There’s something ever appealing about Walt Disney’s mouse creation that transcends the years – but even I thought I had double vision at this sight – somewhere in a german back street from memory.
But this got me thinking – not really in any particular urban or architectural way, but just generally thinking about Mickey as a cultural icon. In a uniquely NZ context of course, there is Dick Frizzell’s famous and famously clever Mickey to Tiki Tu Meke where he transposed the sacred symbol of Maoridom out of the sacred symbol of Mousification:
Frizzell has created a whole industry now of placing this graphic on objets de desirability, including pillowcases, bags, posters, mugs, rugs and other assorted ephemera. At least – I hope it is him making money out of it, and not some back-street rip-off merchants.

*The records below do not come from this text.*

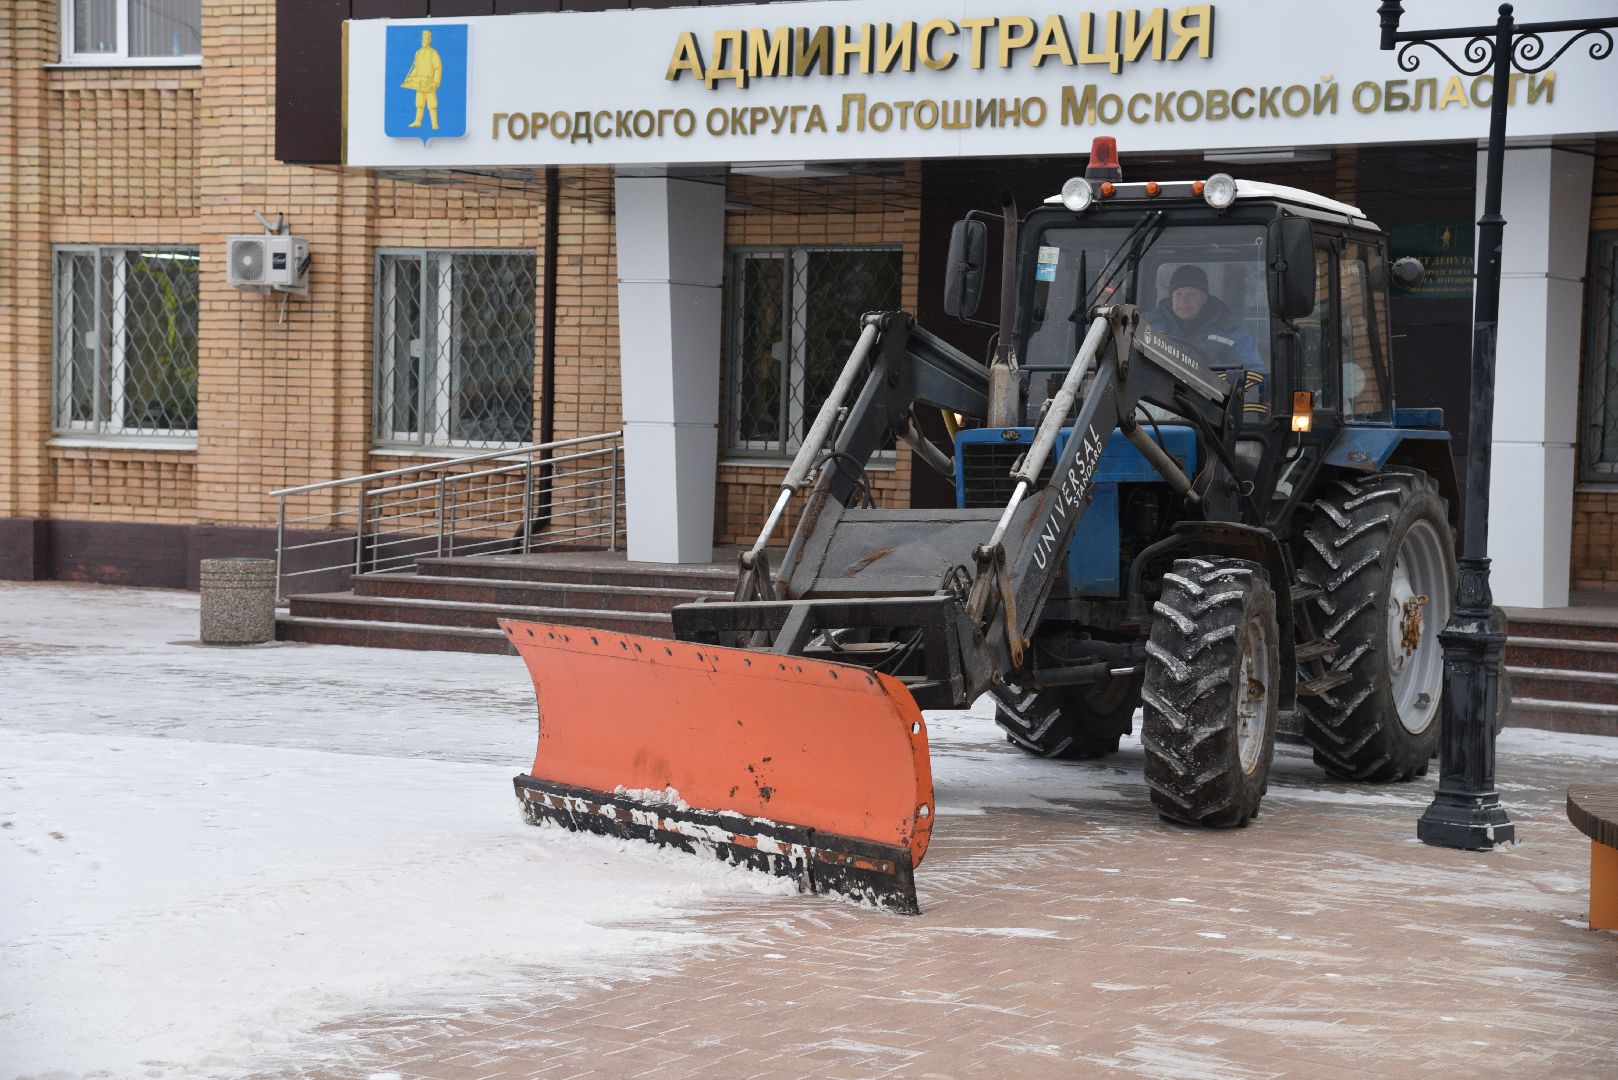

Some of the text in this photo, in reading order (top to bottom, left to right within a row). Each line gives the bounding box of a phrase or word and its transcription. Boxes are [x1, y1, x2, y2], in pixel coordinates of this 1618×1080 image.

[665, 5, 1213, 90] АДМИНИСТРАЦИЯ
[492, 107, 696, 143] ГОРОДСКОГО
[706, 103, 827, 135] ОКРУГА
[1352, 70, 1557, 114] ОБЛАСТИ
[1153, 335, 1180, 359] БОЛЬШАЯ
[1034, 424, 1100, 570] UNIVERSAL
[1073, 441, 1103, 508] STANDARD
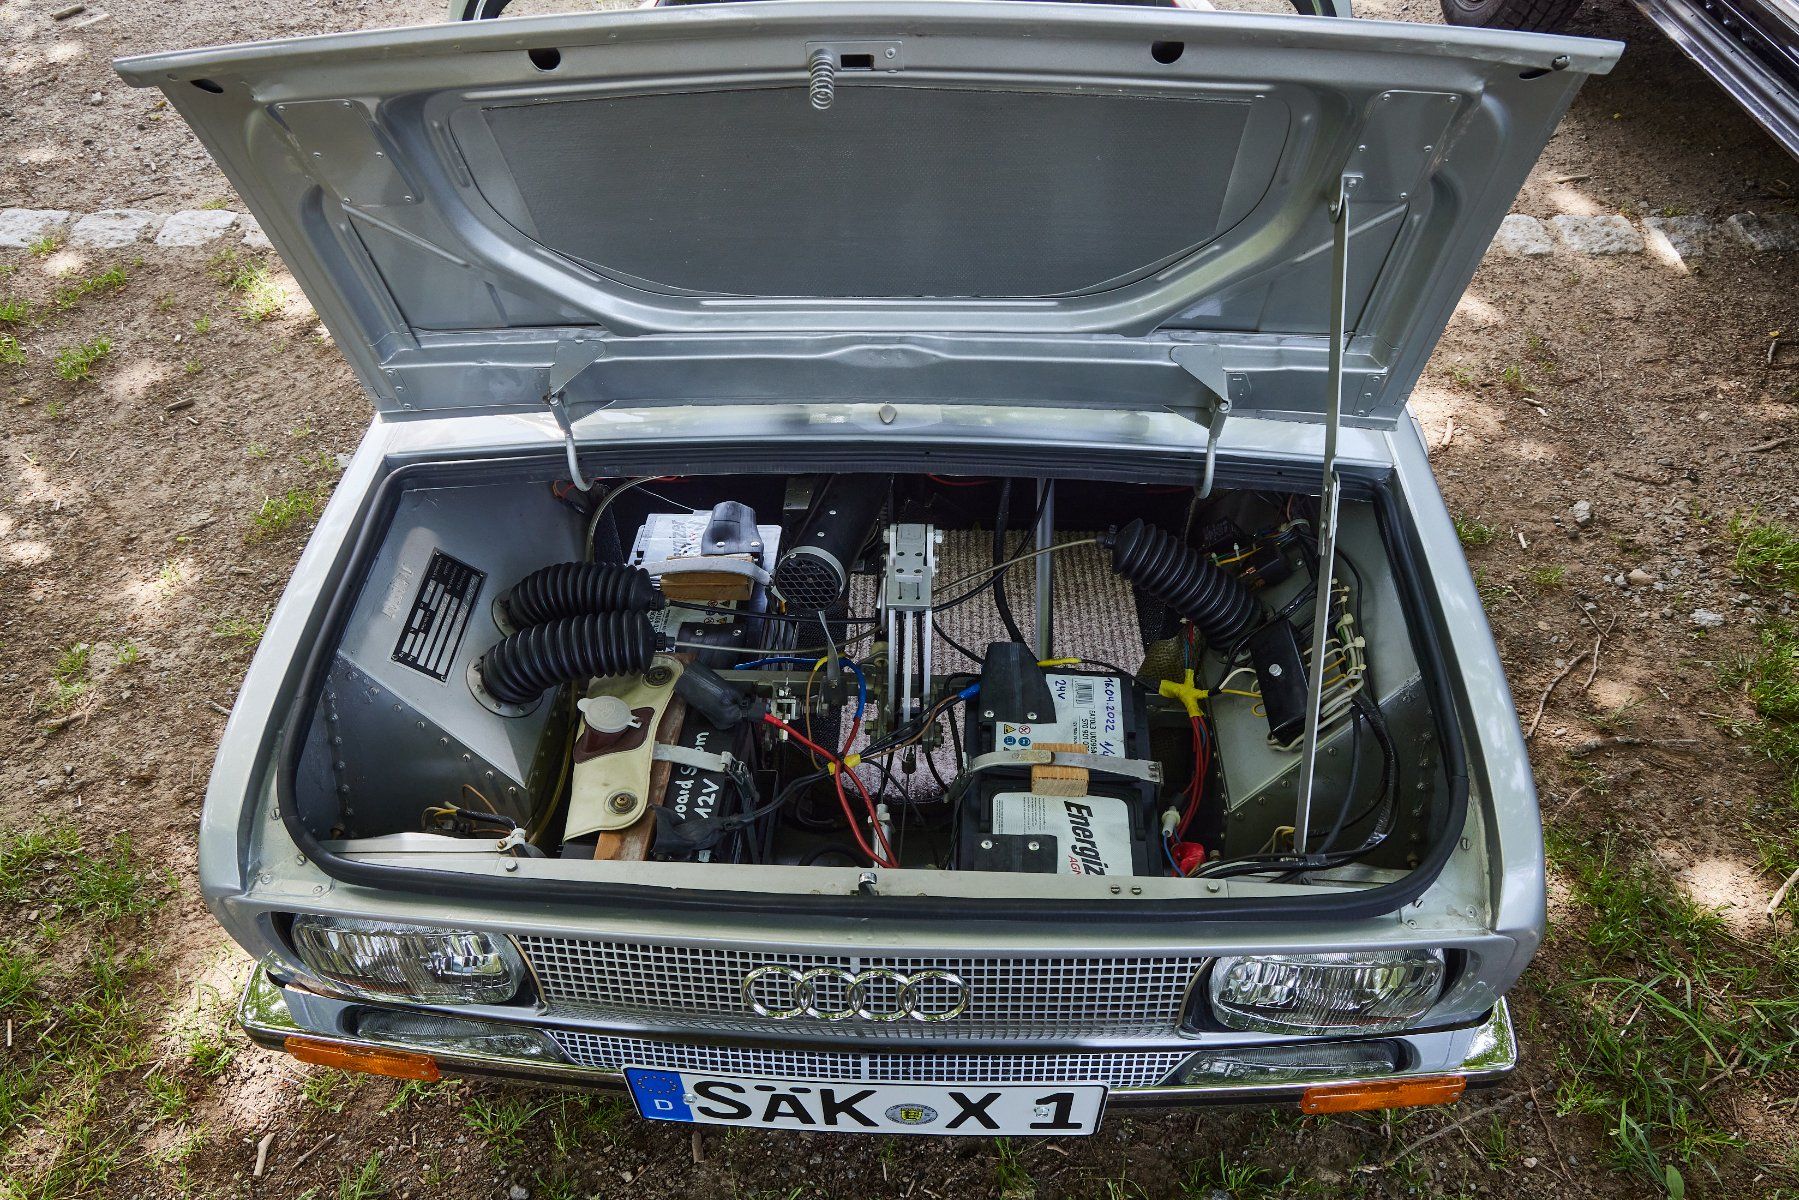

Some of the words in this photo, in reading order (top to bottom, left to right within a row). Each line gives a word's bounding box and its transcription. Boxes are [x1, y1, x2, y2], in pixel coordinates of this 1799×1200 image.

[1104, 677, 1115, 733] 16.04.2022
[694, 778, 719, 819] 12V
[1064, 801, 1109, 875] Energiz
[654, 1099, 673, 1110] D
[693, 1080, 880, 1127] SÄK
[945, 1091, 1002, 1129] X
[1029, 1092, 1083, 1130] 1

That whole schema started off another theme, of course, with another artist (Hansen?) completing a competing Tiki to Diki:
To which of course there can only be one answer: Send in the Grocer. A riposte to a repost, if you will, recalling the famous Four Square man and his iconografication by Frizzle over many years. Here’s the ultimate ethnic kiwi Grocer:
Or perhaps you could look at Lester Hall’s work, where the mashup becomes more integral to the artwork, in a manner that refers not just to one or the other, but all of the above:
To which the only legit answer may be another mashup, a Dick Frizzle homage to Gordon Walters seen through the smokey eyes of commercialism and arson: Oh, Behave!
Noice
Thanks. I’ve been busy, doing other stuff. Haven’t been here much. But – thanks for your comment, always enjoy your visits.
I also see Hotere in that final image, and is that a touch of Peter Robinson that I detect as well? All very evocative of our so-called ‘dark’ aesthetic.
I’d hang that (in my kids’ bedroom).
No comment at this time on the art… but don’t you love that alley? Shame Wellington has eradicated so many.